Alarming New Research For Car Crash Victims
By Matthew J. DeGaetano, DC and Dr. Raymond Tolmos, DC, DABCI
Certified in Personal Injury
Alarming New Research For Car Crash Victims
There is new epidemiological research out of Denmark that conclusively demonstrates a strong association between concussion and dementia, and I expect that it will become the go-to evidence for proving a causation in cases of dementia that have developed post-concussion. The name of the paper is Long-term risk of dementia among people with traumatic brain injury in Denmark: a population-based observational cohort study and it was published just last month in Lancet Psychiatry (April 2018).
The study is a very well designed and quite large epidemiological study; there were 2.8 million people included in the study, with 132,000 traumatic brain injuries (TBI) occurring among them, and 15 years of follow up.

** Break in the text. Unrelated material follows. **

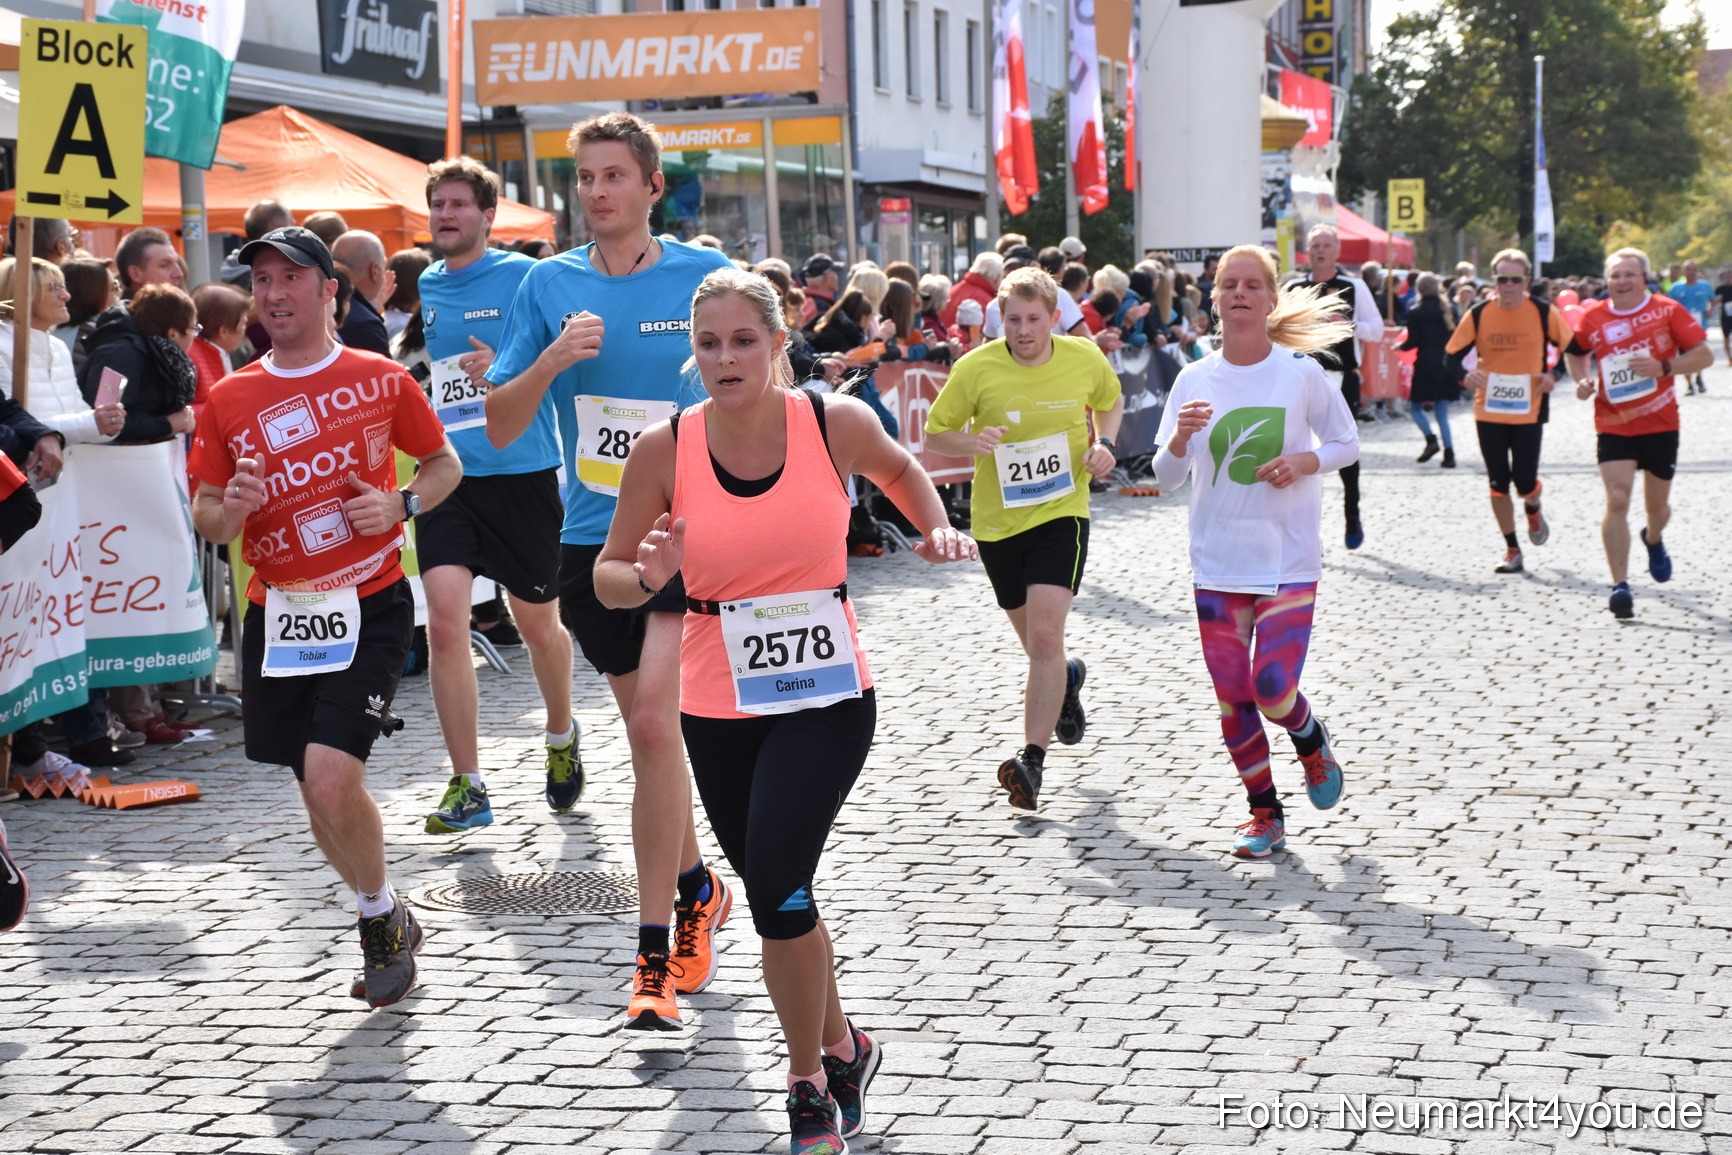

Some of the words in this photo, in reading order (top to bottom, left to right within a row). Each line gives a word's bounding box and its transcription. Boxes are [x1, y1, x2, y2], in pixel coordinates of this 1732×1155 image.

The purpose of the study was to examine the relative frequency of a dementia diagnosis in people with a history of a TBI versus those without such a history. What made the study “well designed” was that the authors were able to account and control for virtually all contributory factors that could confound the relationship between TBI and dementia (i.e. act as a hidden cause). These factors included the usual demographic factors of age and sex, etc., but also included important medical and neurological illnesses (i.e. diabetes, heart disease, stroke, etc.) as well as pre and post-injury diagnoses of psychiatric illnesses such as depression, substance abuse, bipolar disorder, etc.

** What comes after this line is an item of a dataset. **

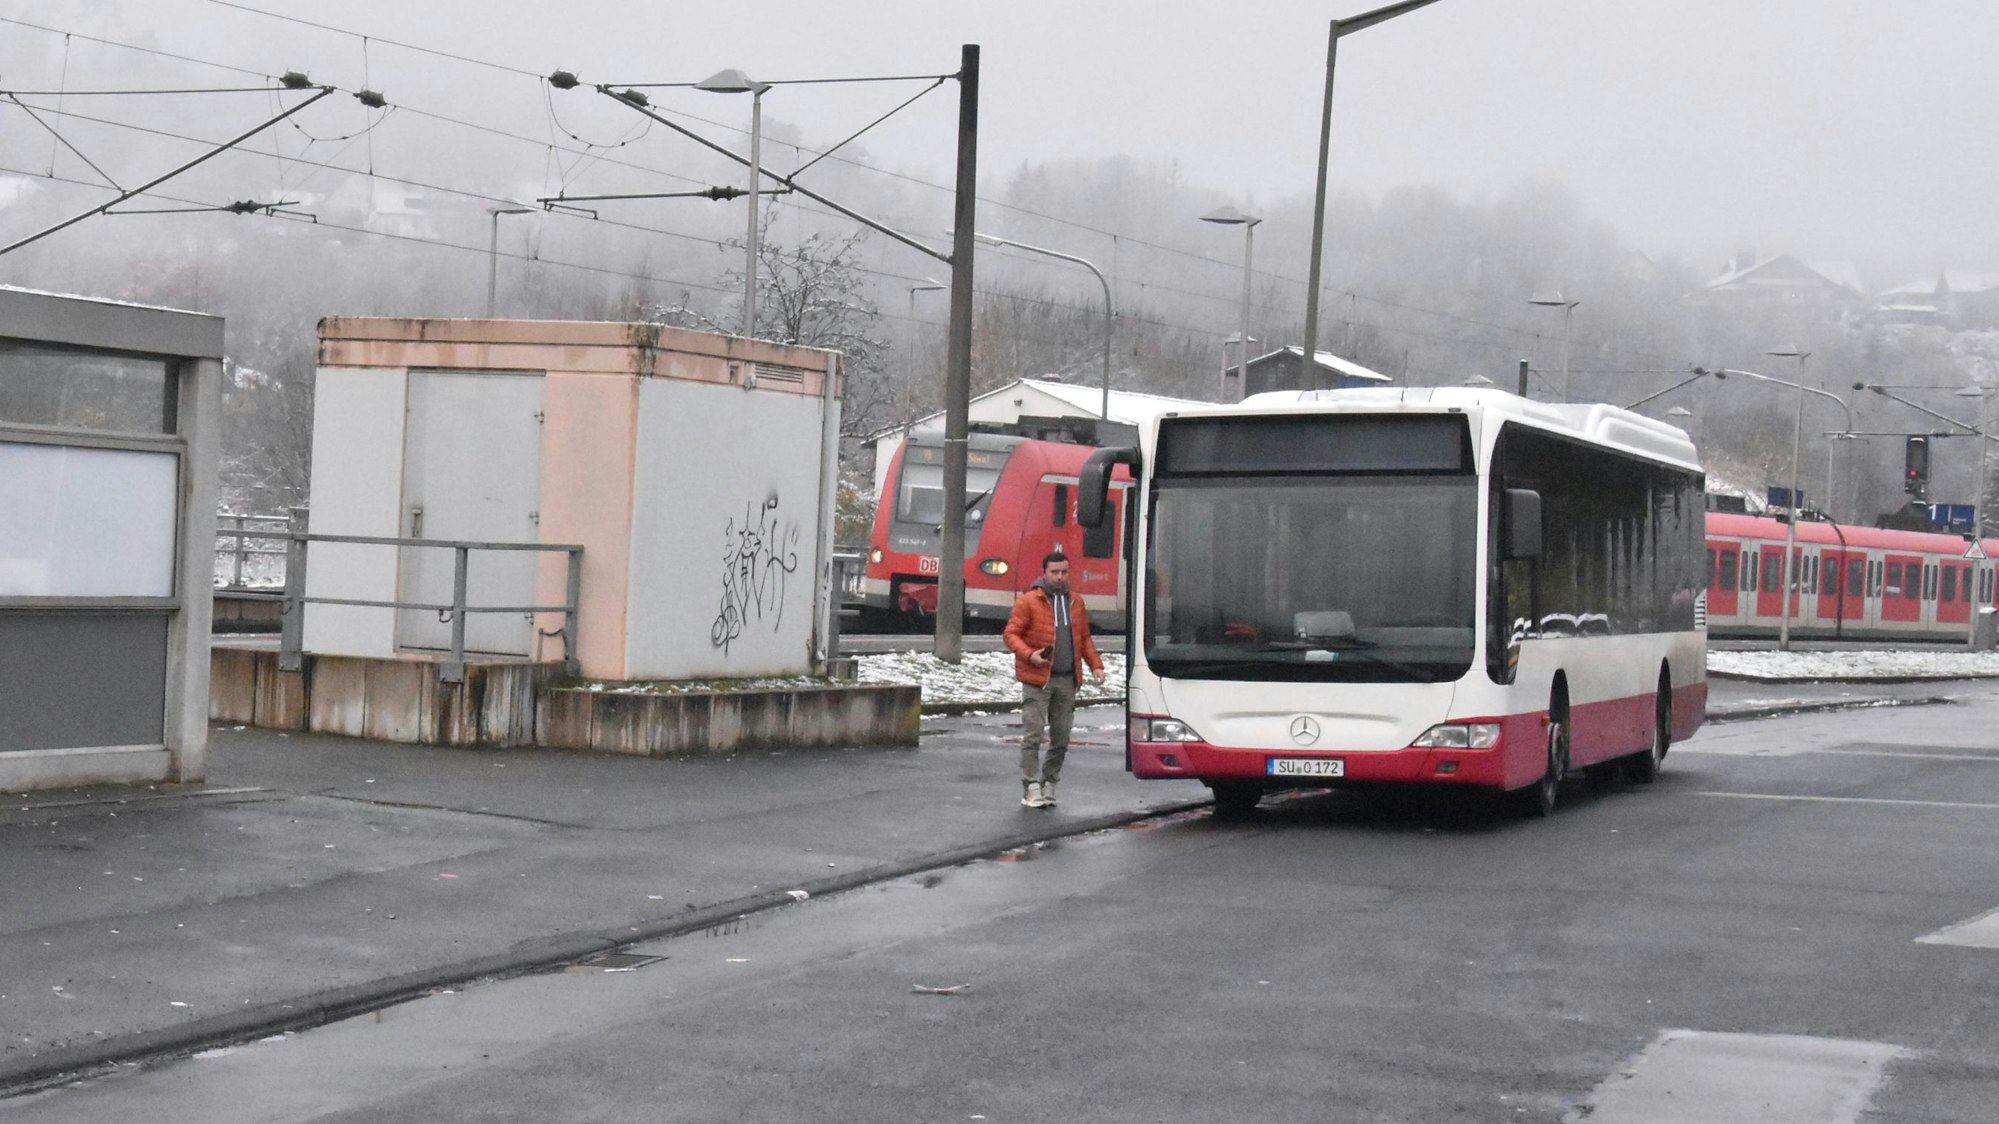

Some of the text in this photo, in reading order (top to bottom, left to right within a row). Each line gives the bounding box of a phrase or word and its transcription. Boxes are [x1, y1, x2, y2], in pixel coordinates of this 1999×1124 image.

[1928, 503, 1937, 521] 1
[921, 559, 938, 571] DB
[1278, 760, 1295, 773] SU
[1315, 761, 1338, 774] 172

Controlling for psychiatric disorders was important for legal applications of the study results, because pre-existing psychiatric diagnosis is one of the most common explanations that defense neuropsychology and psychiatry experts point to when a post-TBI plaintiff develops symptoms of dementia. The expert somehow always finds that the condition must be due to some pre-existing disorder.
This type of a defense is essentially negated with this study, as the pre-existing conditions are all accounted for in the results. Below is the chart from the study showing the hazard ratios of dementia for both mild TBI (concussion) and severe TBI over time. A “hazard ratio” is essentially the same thing as a risk ratio, but for a specified period of time after the injury.
What this chart shows is that the risk of dementia is not particularly different for mild (concussion) versus severe TBI. It also shows is that for an individual with a concussion, the risk of dementia for the first 6 month is 4.1 times greater than for the same person without a concussion, and for the first year it is 2.4 times greater.
The risk ratio (RR) threshold that equates to the legal standard of >50% probable is 2.0, as the conversion between RR and “probability of cause” (PC) is calculated by [RR-1/RR X 100%]). Thus, a RR of 4.1 is equal to a PC of 76% (as [4.1-1 = 3.1]/4.1 X 100% = 76%), and an RR of 2.4 is equal to ([2.4-1 = 1.1]/2.4 X 100%) = 58%.
The authors also found that multiple TBIs and younger age resulted in larger hazard ratios.
Based on these findings, for a previously healthy (non-demented) individual who sustains a concussion and develops new symptoms attributable to dementia within a year of the injury, the dementia was caused by the concussion, on a more probable than not basis. The usual defense that the condition was going to occur regardless of the injury because of some pre-injury and typically common psychiatric condition (like depression) is easily falsified with these result.
Motor vehicle trauma is the single most important agent in both fatal and mild brain injuries, causing from 60% to 67%. Earlier reports ranged from 40% to 60% caused by MVC with the most common diagnosis given, being concussion. Many of these MVC-related injuries are the result of blunt head injury (a.k.a. soft head injury) which describes contact with some object, but without penetration of the skull.
An example would be striking the steering wheel or door post. The term of choice today is traumatic brain injury (TBI) since it is the brain, rather than the head, that we are usually most concerned with.
1) Abu-Judeh HH, Parker R, Singh M, El-Zeftawy H, Atay S, Kumar M, Naddaf S, Aleksic S, Abdel-Dayem HM. SPET brain perfusion imaging in mild traumatic brain injury without loss of consciousness and normal computed tomography. Nuclear Medicine Communications 20, 505-510, 1999.
2) Vazquezbarquero A, Vazquezbarquero JL, Austin O, et al.: The epidemiology of head injury in Cantabria. Eur J Epidemiol 8(6):832-837, 1992.
3) Gennarelli TA: Biomechanics of head injury. Conference on the biomechanics of impact trauma. Association for the Advancement of Automotive Medicine, Chicago Illinois, November 13-14, 1995.
4) Kraus JG, Nourjah P: The epidemiology of mild, uncomplicated brain injury. J Trauma 28(12), 1988.